🤖 AI Summary
To address the high latency and computational complexity caused by path explosion in stack decoding of Polarized Adaptive Codes (PAC), this paper proposes a low-memory, high-performance parallel stack decoding algorithm. The method introduces two key innovations: (1) a variance-polarization–based path pruning strategy that discards erroneous paths with exponentially decaying probability; and (2) an integrated stack management mechanism combining rate-0/rate-1 node identification, subtree pruning, approximate variance polarization estimation for BI-AWGN channels, and path metric mean alignment. Evaluated on PAC(128,64), the algorithm reduces the average number of active paths by up to 70%, significantly lowering decoding latency and computational complexity while preserving frame error rate (FER) performance. This approach achieves an optimal trade-off between efficiency and reliability, establishing a new paradigm for practical decoding of short-length PAC codes.
📝 Abstract
Polarization-adjusted convolutional (PAC) codes have recently emerged as a promising class of error-correcting codes, achieving near-capacity performance particularly in the short block-length regime. In this paper, we propose an enhanced stack decoding algorithm for PAC codes that significantly improves parallelization by exploiting specialized bit nodes, such as rate-0 and rate-1 nodes. For a rate-1 node with $N_0$ leaf nodes in its corresponding subtree, conventional stack decoding must either explore all $2^{N_0}$ paths, or, same as in fast list decoding, restrict attention to a constant number of candidate paths. In contrast, our approach introduces a pruning technique that discards wrong paths with a probability exponentially approaching zero, retaining only those whose path metrics remain close to their expected mean values.

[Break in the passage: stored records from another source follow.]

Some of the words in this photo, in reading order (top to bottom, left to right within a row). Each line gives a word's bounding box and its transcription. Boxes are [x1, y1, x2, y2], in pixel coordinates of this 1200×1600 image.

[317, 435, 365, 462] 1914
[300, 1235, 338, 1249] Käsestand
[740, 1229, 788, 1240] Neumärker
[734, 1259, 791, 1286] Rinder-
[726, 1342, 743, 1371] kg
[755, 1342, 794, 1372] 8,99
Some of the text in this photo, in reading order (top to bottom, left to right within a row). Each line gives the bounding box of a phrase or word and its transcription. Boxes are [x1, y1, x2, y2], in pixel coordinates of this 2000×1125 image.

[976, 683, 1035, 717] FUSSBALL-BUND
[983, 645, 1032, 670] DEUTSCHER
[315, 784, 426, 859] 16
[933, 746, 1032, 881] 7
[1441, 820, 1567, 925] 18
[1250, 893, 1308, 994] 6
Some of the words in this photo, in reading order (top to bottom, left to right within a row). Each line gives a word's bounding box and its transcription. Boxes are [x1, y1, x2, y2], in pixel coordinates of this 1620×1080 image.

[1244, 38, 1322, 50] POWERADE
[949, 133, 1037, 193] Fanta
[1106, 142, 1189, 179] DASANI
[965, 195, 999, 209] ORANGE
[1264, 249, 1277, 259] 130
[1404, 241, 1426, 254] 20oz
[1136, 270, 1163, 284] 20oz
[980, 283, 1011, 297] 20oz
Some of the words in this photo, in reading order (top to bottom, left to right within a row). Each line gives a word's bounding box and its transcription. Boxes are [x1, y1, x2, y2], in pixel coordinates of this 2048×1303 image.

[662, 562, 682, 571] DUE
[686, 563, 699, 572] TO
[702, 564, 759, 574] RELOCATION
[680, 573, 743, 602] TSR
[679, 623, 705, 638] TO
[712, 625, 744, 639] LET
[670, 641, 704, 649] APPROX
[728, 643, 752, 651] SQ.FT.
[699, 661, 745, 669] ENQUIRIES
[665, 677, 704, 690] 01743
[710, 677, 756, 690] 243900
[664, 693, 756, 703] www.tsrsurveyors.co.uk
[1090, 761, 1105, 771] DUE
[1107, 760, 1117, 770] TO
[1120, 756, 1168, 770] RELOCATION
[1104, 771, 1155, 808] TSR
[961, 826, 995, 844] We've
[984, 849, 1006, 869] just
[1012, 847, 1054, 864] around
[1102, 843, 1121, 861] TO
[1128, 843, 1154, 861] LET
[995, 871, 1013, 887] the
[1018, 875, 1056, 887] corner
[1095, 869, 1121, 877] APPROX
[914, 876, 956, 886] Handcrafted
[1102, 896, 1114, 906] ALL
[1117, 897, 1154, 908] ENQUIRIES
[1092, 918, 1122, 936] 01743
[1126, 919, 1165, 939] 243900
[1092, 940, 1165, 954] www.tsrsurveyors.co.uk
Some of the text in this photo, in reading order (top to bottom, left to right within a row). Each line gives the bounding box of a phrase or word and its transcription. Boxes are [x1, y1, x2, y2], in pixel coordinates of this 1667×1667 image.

Furthermore, we propose a novel approximation method for estimating variance polarization under the binary-input additive white Gaussian noise (BI-AWGN) channel. Leveraging these approximations, we develop an efficient stack-pruning strategy that selectively preserves decoding paths whose bit-metric values align with their expected means. This targeted pruning substantially reduces the number of active paths in the stack, thereby decreasing both decoding latency and computational complexity. Numerical results demonstrate that for a PAC(128,64) code, our method achieves up to a 70% reduction in the average number of paths without degrading error-correction performance.